WHAT YOU ARE ASKED TO DO —
Where an entry holds an image, leave the image out; otherwise reproduce the entry exactly.

MATERIALS PROVIDED —
>>>>>
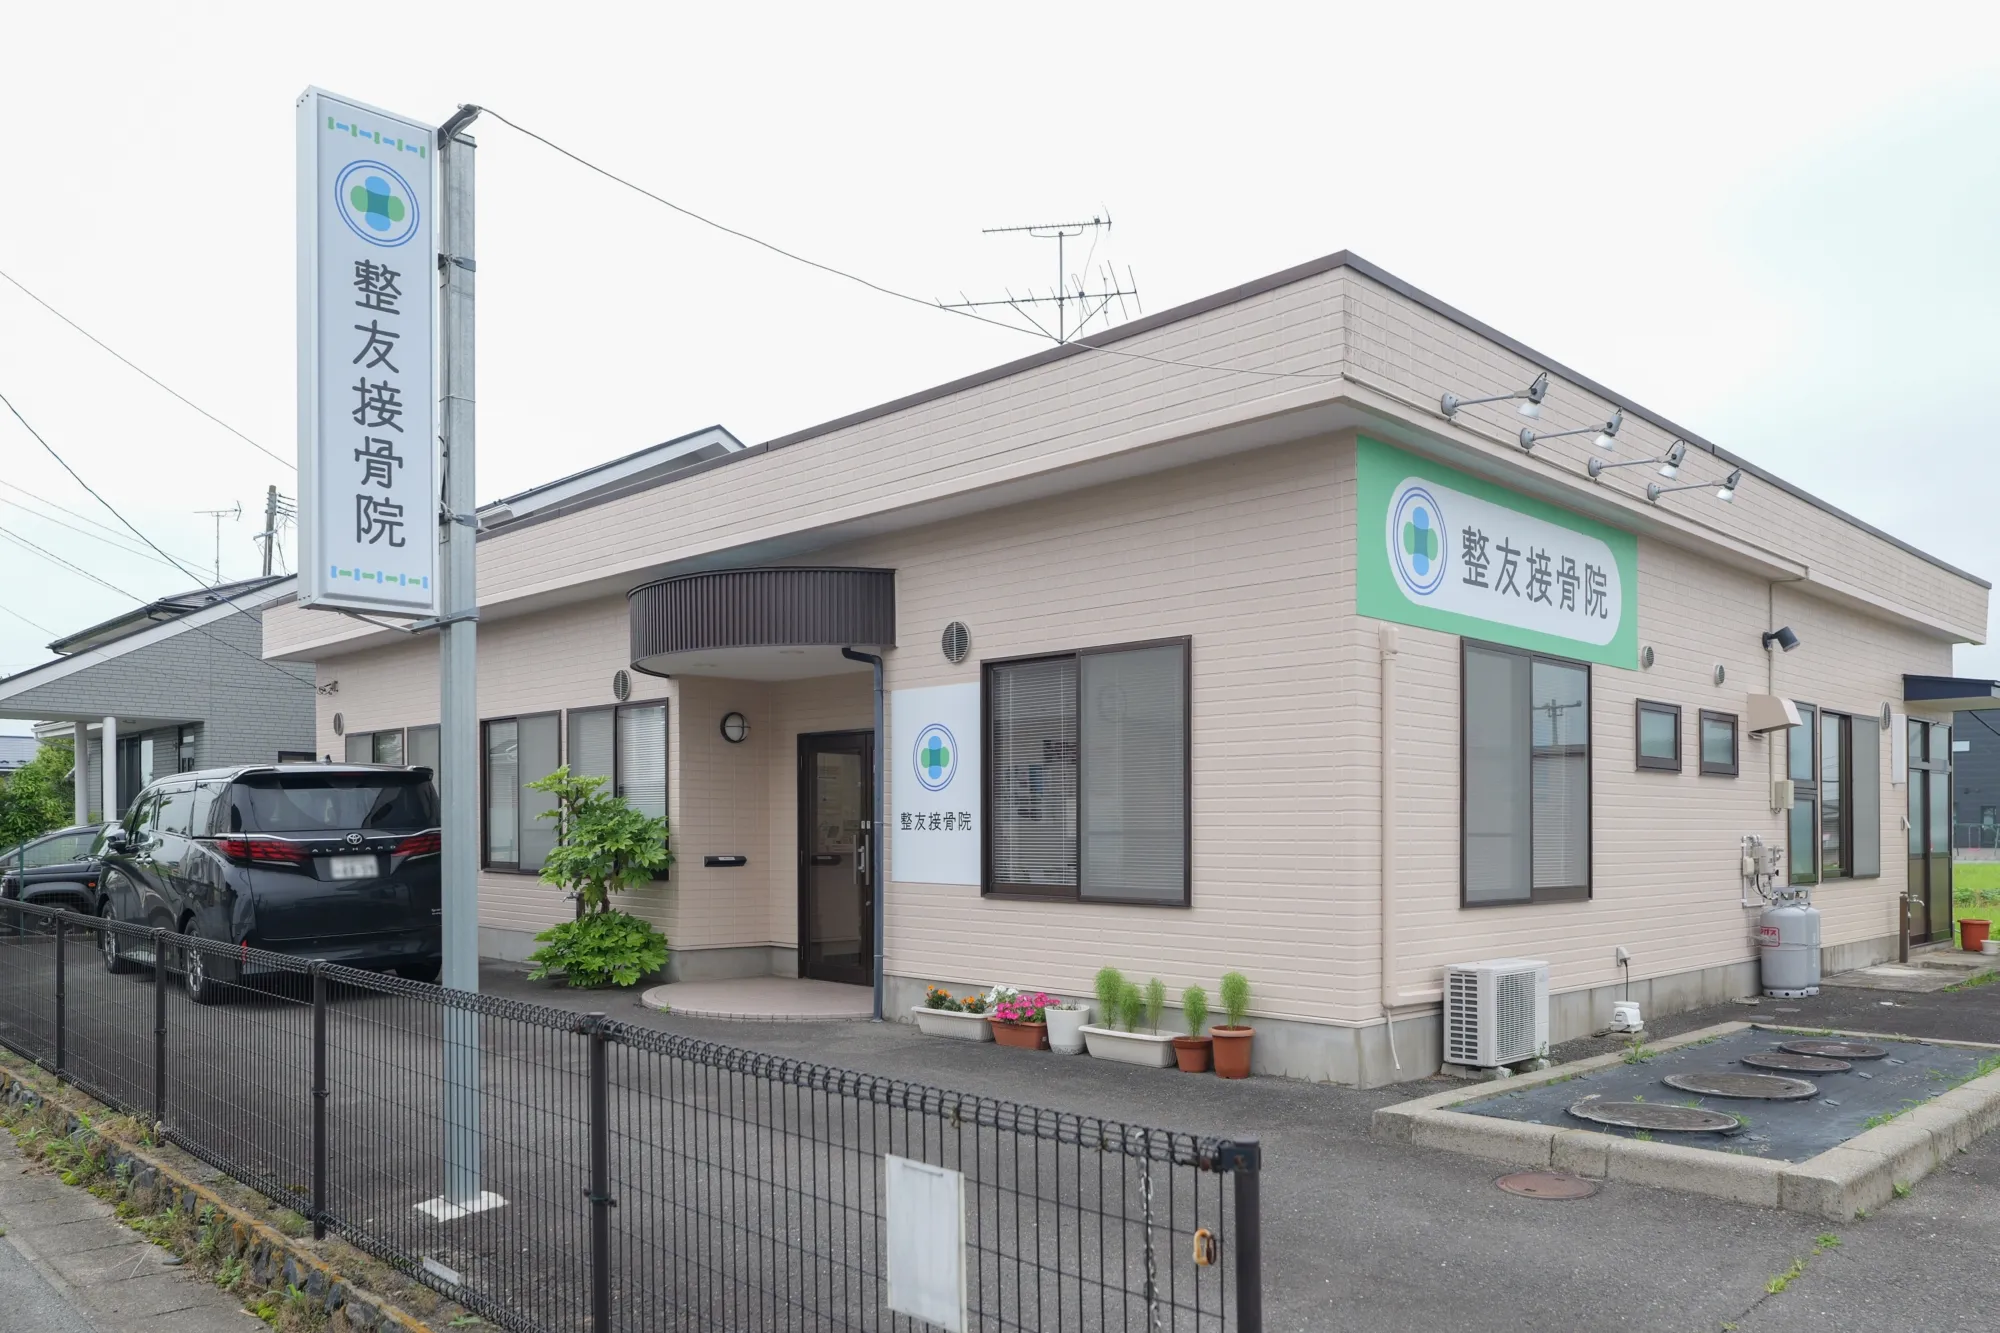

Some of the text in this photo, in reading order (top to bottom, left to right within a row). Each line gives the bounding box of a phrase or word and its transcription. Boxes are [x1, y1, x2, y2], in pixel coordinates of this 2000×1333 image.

[351, 258, 406, 548] 整友接骨院
[1461, 525, 1608, 620] 整友接骨院
[312, 845, 396, 853] ALPHARD
[900, 811, 972, 831] 整友接骨院
<<<<<
RESPONSE AREA —
Some of the text in this photo, in reading order (top to bottom, left to right within a row). Each line gives the bounding box of a phrase or word and its transcription. Boxes are [x1, y1, x2, y2], in pixel coordinates of this 2000×1333 image.

[351, 258, 406, 548] 整友接骨院
[1461, 525, 1608, 620] 整友接骨院
[312, 845, 396, 853] ALPHARD
[900, 811, 972, 831] 整友接骨院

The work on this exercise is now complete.